Related: Labour And Delivery Nurse Skills: Definition And Examples
5. Nurse consultant
A nurse consultant may work in different environments, including hospitals, clinics, law firms or health insurance companies. They evaluate, analyse and organise medical records while providing their opinions on cases. They may act as an expert witness during trials in the event of medical negligence or malpractice. In some instances, they advise lawyers on healthcare cases or nursing practices.
6. Pain management nurse
Pain management nurses care for patients with acute or chronic pain. They assess the pain and work with doctors to create a treatment plan involving therapeutic methods and medication. They may work in outpatient pain or physical therapy and provide care in palliative programs.
7. Surgical nurse
A surgical nurse, also known as a theatre or scrub nurse, is part of a surgeon's team. They provide patient care before, during and after surgical procedures.

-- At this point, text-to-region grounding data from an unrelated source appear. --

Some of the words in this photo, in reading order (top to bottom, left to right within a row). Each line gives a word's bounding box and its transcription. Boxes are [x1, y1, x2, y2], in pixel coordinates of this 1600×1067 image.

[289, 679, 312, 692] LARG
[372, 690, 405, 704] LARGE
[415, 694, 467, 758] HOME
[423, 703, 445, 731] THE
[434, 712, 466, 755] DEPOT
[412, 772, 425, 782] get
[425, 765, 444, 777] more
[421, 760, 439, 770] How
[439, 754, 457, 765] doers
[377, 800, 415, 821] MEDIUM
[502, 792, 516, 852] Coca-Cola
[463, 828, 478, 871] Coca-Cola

A surgical nurse takes care of preparing the patient for surgery, assisting surgeons and anaesthetists and marking incision sites during surgery. They may also prepare the operating room and administer patient medication post surgery.
8. Nursing administrators
Nursing administrators are part of the administration staff at a healthcare facility. They supervise other nurses and team members. A nursing administrator is responsible for creating important policies and procedures for the medical staff to ensure discipline and adherence to performance standards. They may also help the administrative staff with budgeting, performance evaluations and conducting staff meetings.
9. Travel nurse
Travel nurses visit patients and assist at healthcare facilities. They inspect wounds, change dressings, monitor patient recovery and compile reports. They report to doctors and other healthcare professionals in their treatment of patients. Travel nurses assist at hospitals and clinics when short-staffed.
Related: How To Write A Home Health Nurse Resume (With Template)

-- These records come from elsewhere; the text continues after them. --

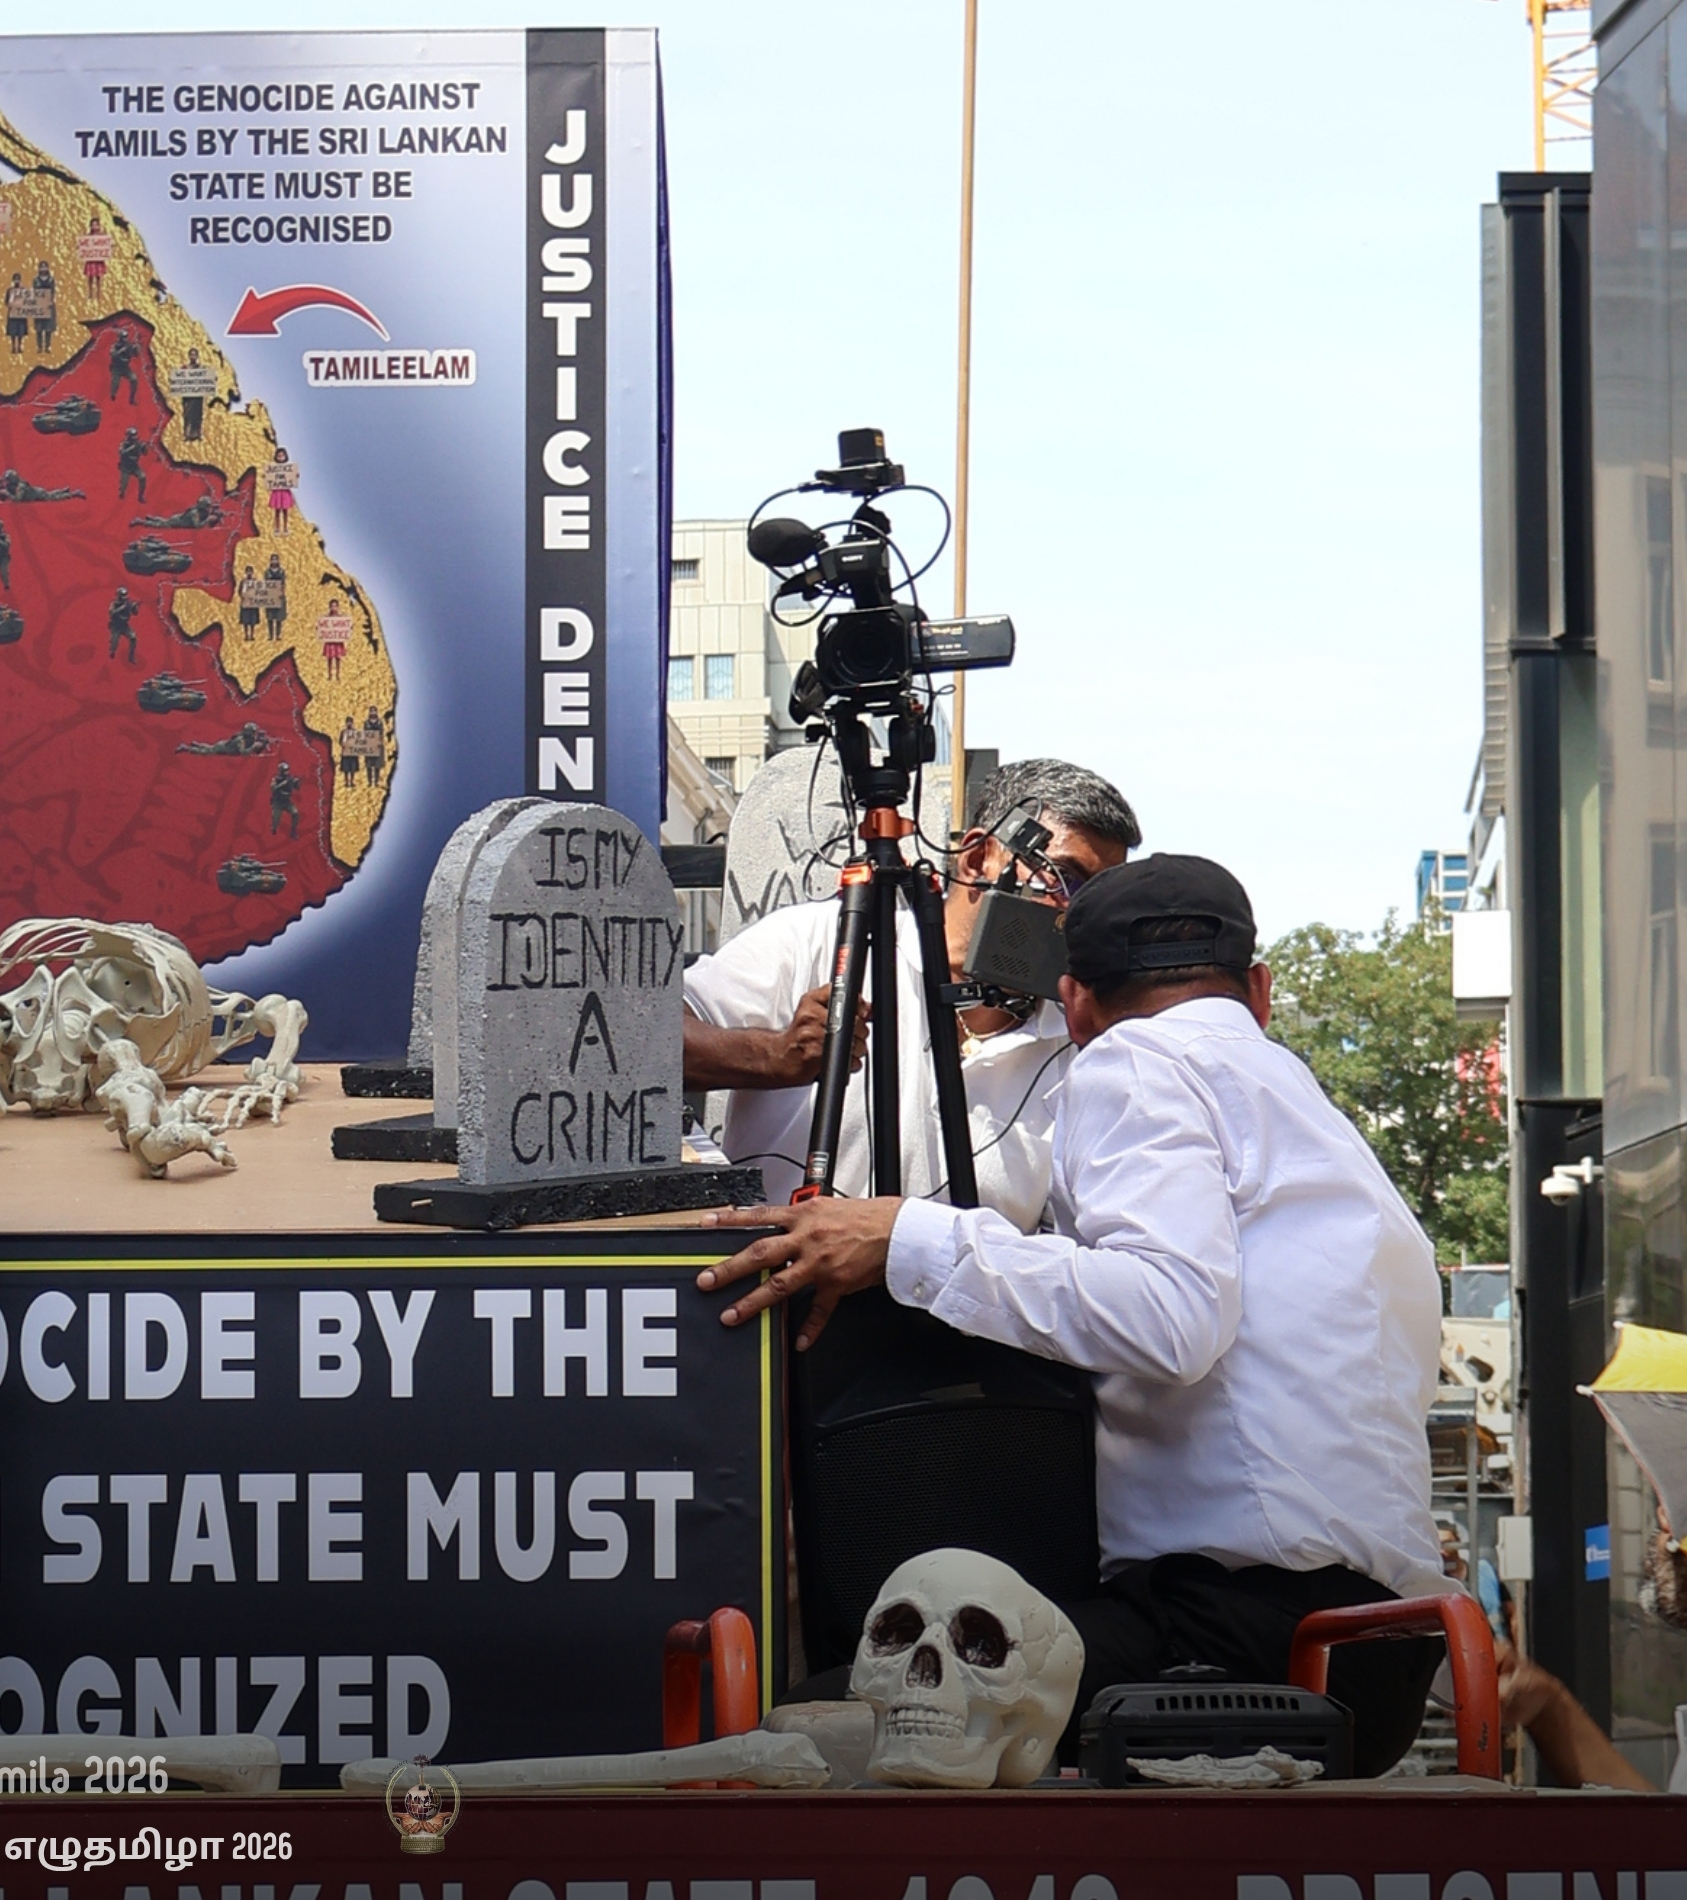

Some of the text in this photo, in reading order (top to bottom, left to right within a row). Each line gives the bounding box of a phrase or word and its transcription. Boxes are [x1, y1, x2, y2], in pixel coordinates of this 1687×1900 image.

[102, 83, 481, 113] THE GENOCIDE AGAINST
[75, 126, 508, 158] TAMILS BY THE SRI LANKAN
[169, 171, 413, 201] STATE MUST BE
[190, 215, 393, 244] RECOGNISED
[309, 355, 470, 380] TAMILEELAM
[539, 109, 595, 791] JUSTICE DEN
[486, 911, 685, 991] IDENTITY
[569, 990, 618, 1075] A
[511, 1086, 668, 1165] CRIME
[298, 1289, 437, 1399] BY
[472, 1288, 679, 1398] THE
[41, 1472, 364, 1584] STATE
[406, 1470, 695, 1582] MUST

10. Paediatric nurse practitioner
Paediatric nurses work with children from birth to their late teens. They diagnose illness, prescribe medication and perform annual checkups whenever necessary. The paediatric nurse practitioner is responsible for communicating with the child's guardian to address their concerns and the treatment options.
11. Cardiac nurse
Cardiac nurses work with cardiologists and help manage acute and chronic heart-related issues in patients. They perform health assessments, monitor medication and report the patient's progress to the concerned doctor. Cardiac nurses may assist in medical procedures such as bypass and angioplasty.
12. Geriatric nurse
Geriatric nurses cater to the physical and mental needs of older patients. They help treat ailments and illnesses in older patients, including Alzheimer's or cancer. A geriatric nurse aims to improve the quality of life of older patients and tries to make them active and independent.
13. Nurse manager
A nurse manager is a part of the administrative staff at a hospital. They work to ensure a safe work environment and patient and employee satisfaction. The nurse manager in a hospital helps maintain quality standards and aligns nursing goals with the hospital's strategic goals.